A pousada Expresso Oriente era linda. O nome me lembrava do livro da autora Agatha Christie, mas o local em si parecia algo em que a Dona Benta do Sítio moraria.
Ele era todo pintado de tinta creme, com as bordas das janelas e portas de madeira brilhante. Cada canto das bordas e das vigas tinham plantas belíssimas expostas. A porta da frente era daquelas duplas e que estavam ambas abertas agora. Iluminadas por uma luz amarela convidativa.

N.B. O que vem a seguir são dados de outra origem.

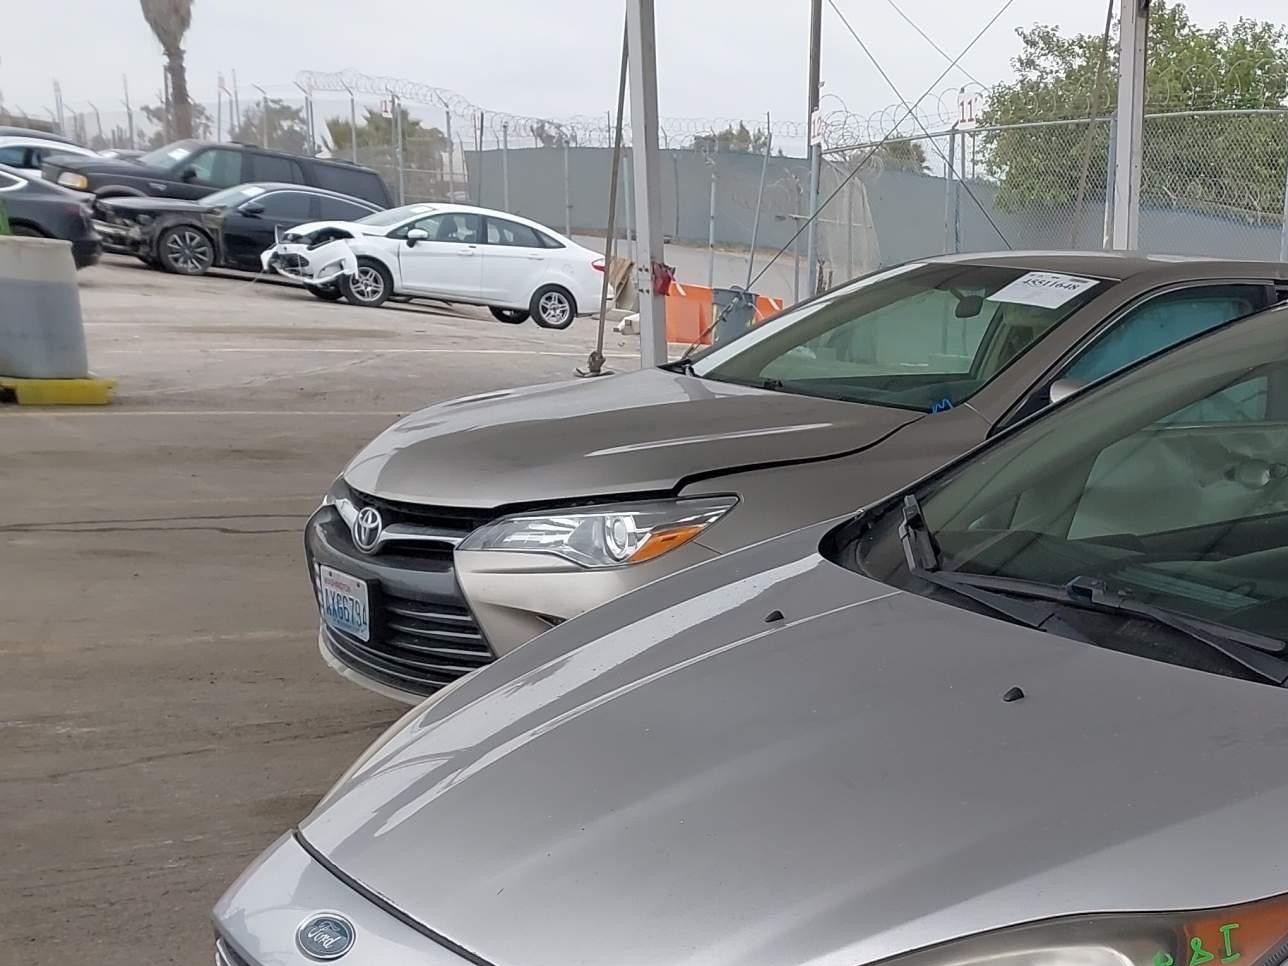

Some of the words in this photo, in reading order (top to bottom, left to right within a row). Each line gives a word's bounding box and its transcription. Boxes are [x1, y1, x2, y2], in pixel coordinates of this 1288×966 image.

[959, 100, 975, 123] 11
[307, 920, 342, 949] Ford
[1220, 923, 1241, 964] I

Ao entrarmos, vimos que a entrada com o balcão ficava a direita e à esquerda ficava uma sala de estar com uma linda lareira, poltronas e sofás confortáveis que me chamavam pra descansar ali lendo um livro ou tomando um chá.
— Nossa, já cheguei aqui querendo uma soneca gostosa naquele sofá diante da lareira. – Minha irmã murmurou e eu aceno em concordância.
— Boa noite, me chamo Agatha! Em que posso ajudá-las? – Uma voz feminina perguntou e nos viramos para ver uma senhora ali. Ela era alta, o cabelo grisalho ondulado solto, vestindo mom jeans e uma camisa da flanela xadrez enfiada na calça.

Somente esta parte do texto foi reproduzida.